Makeshift catamaran used for transport
Scott and I drew the assignment of oaring the other canoe with the extra gear.. We did fine for the first mile or so – it was hard going against current – but then came the time that we had to cross the open water of a huge lake – I kid you not, the waves were crashing over the front of our boat – we tried to use the cat as a wind block but at one point the cat slowed and we could not – we went horizontal against the current and the waves that were going over the front of the boat were now over the side – we flooded and capsized – all of our stuff in the water and us and our boat upside down – and we were being moved by the current back from where we came. Scott and I worked hard to make sure we retrieved each item as best we could and hold onto it. Eventually the cat got us and were able to get to shore. Scott and I had been holding onto the boat and as much of our gear as we could and were in the water for at least 30 minutes – it was a cool day and the Minnesota lake water never really gets warm. We lost almost all of the distance we had paddled earlier by floating with the current in the opposite direction of where we wanted to go.
The cat was able to help us back to shore although shivering, Scott and I got the boat upright and drained and back on the water – our guide and we made a decision that we couldn’t go forward against the current – we needed to get a fire going so we made a makeshift campsite on the side of the hill and allowed Missy to sleep and Scott and I to find dry clothes and crawl up in a sleeping bag – I was freezing, Missy was a little better but still not able to be vertical much– and we were camping on a hill with a lot of pitch – fortunately we didn’t have any rain.
The next morning broke warm and calm – and I am not gonna lie – I was scared to death to get back in the canoe – every little bobble made me jumpy. But we paddled past yesterday’s tipping point with no issue (and no waves) and made it safely back to reach our arranged transportation. We made a short stop before we reached the transportation to do a little hike and look out over the Boundary Waters area — nothing for miles but water, trees and rocks.

Canoeing in the Boundary Waters
That was probably the closest I came to dying in a national park – we never did diagnose what happened to Missy – our best guess is it was sone type of virus. Everything combined made it our scariest national park day – on the penultimate one with our family.

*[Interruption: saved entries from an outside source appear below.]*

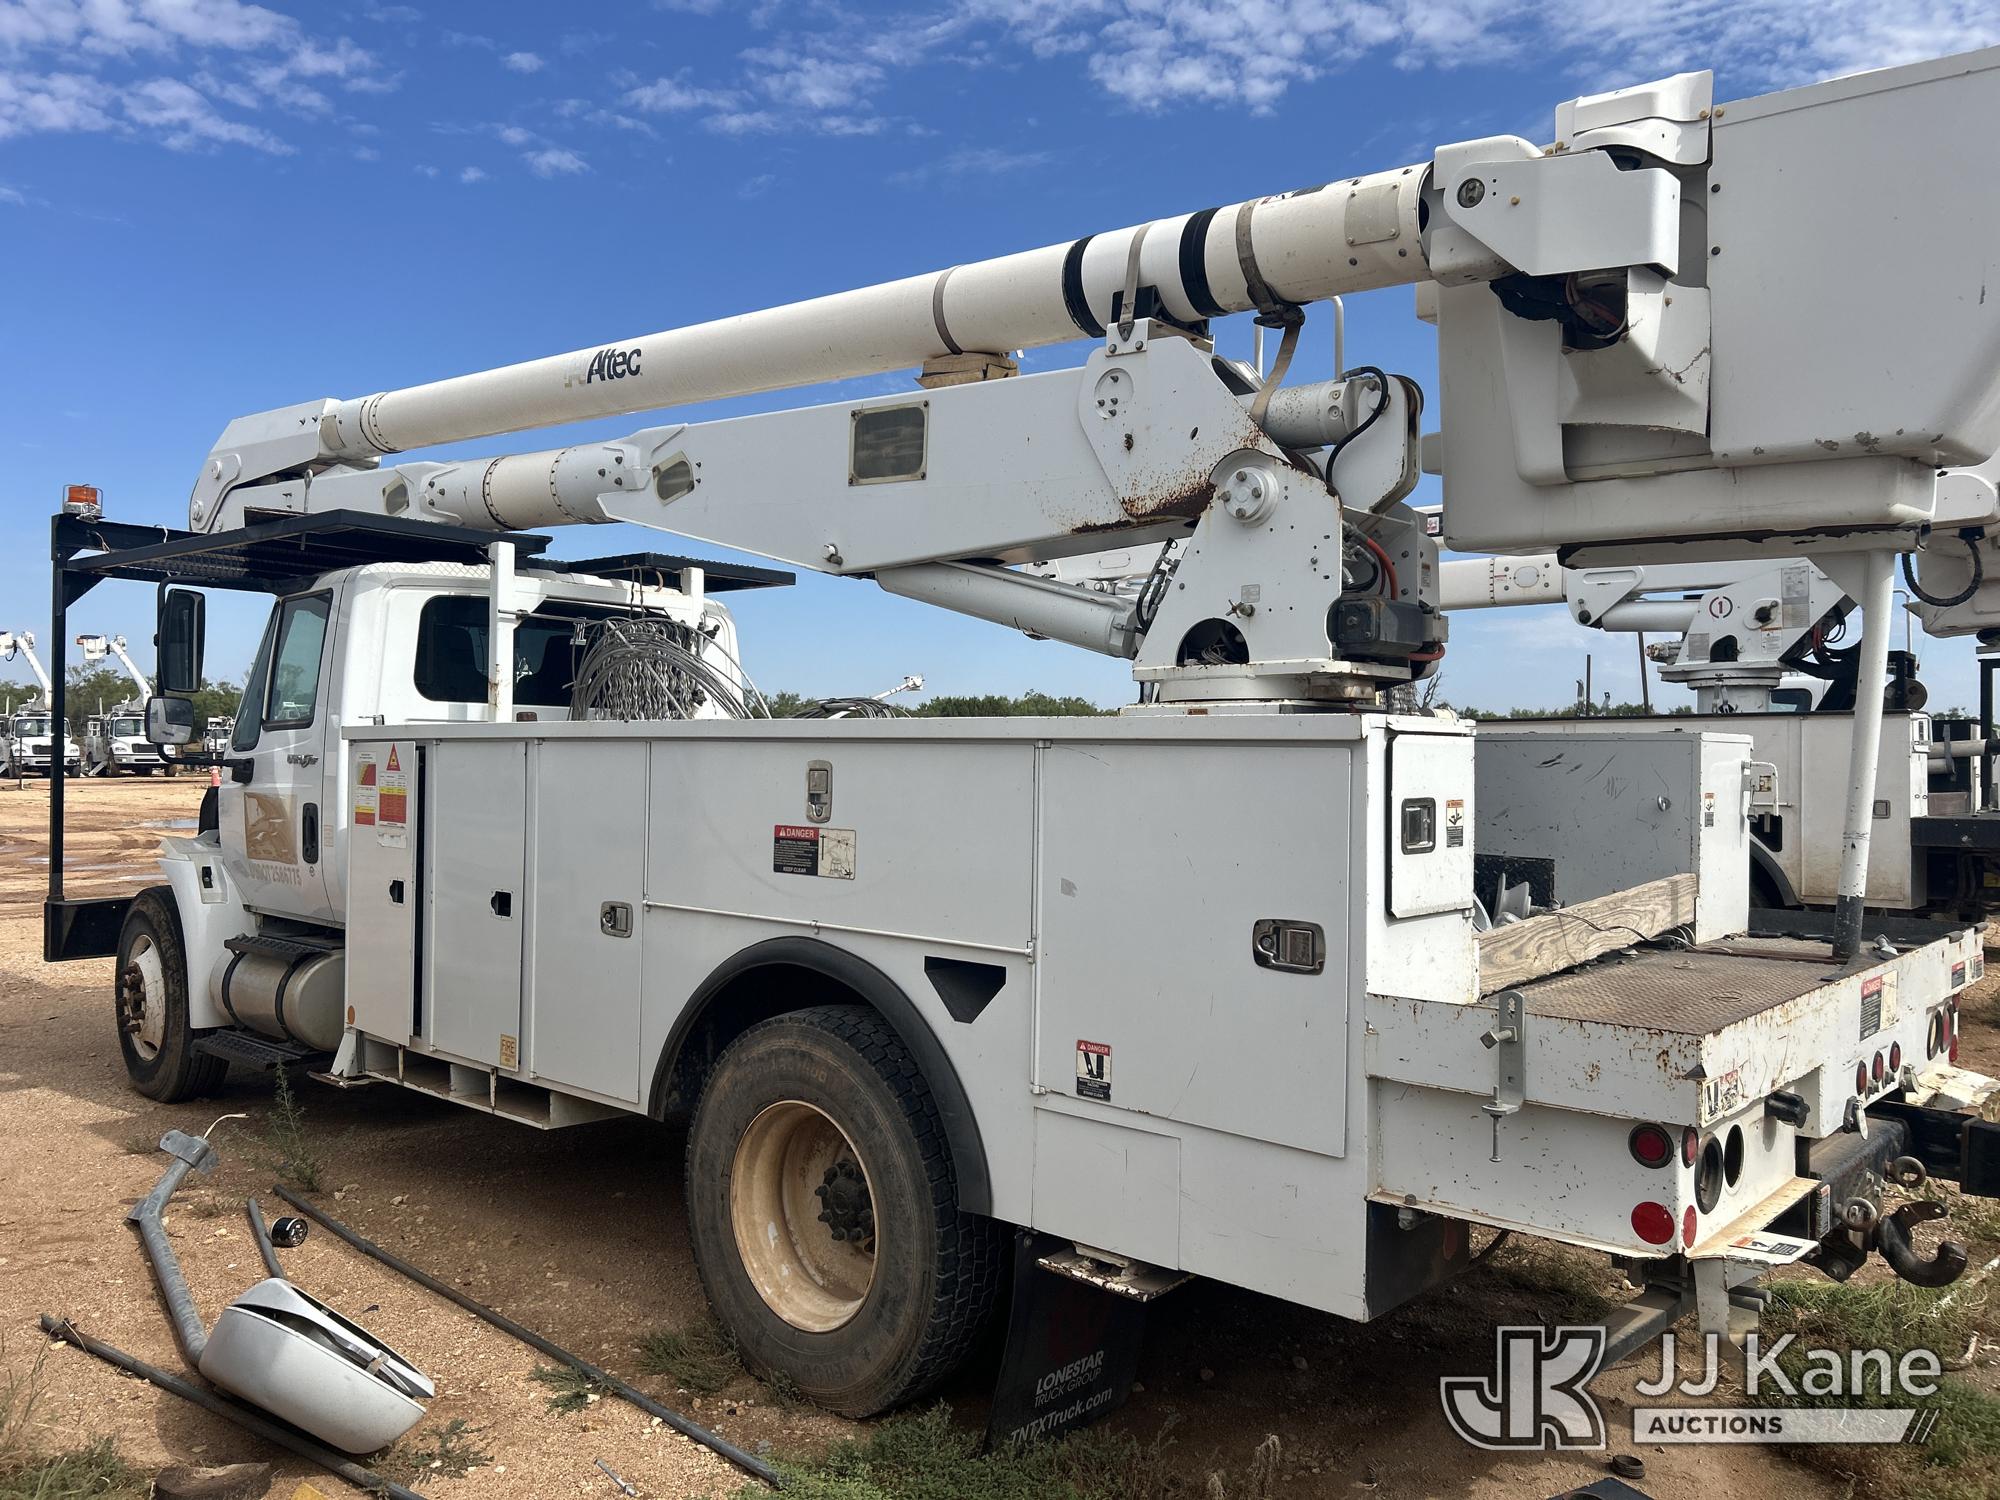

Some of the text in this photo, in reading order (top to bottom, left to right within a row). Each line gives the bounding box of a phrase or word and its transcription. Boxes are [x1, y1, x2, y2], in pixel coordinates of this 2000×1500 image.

[587, 348, 642, 384] Altec
[786, 828, 815, 838] DANGER
[1034, 1367, 1102, 1408] TRUCK GROUP
[1036, 1350, 1105, 1396] LONESTAR
[1010, 1387, 1113, 1447] TNTXTruck.com

I imagine our time in the Boundary Waters was similar to paddling in Voyageurs. We left the area with an appreciation for the power and the spirit of nature. We survived violent thunderstorms, watched eagles fly with grace, were terrified of the power of the wind and the waves while helplessly floating quickly with the tide in the opposite direction than we wished to head. We also were astonished by the brightness of the night sky and the comet, appreciated the silence of the wilderness and realized there still are places in the world where we can be totally alone.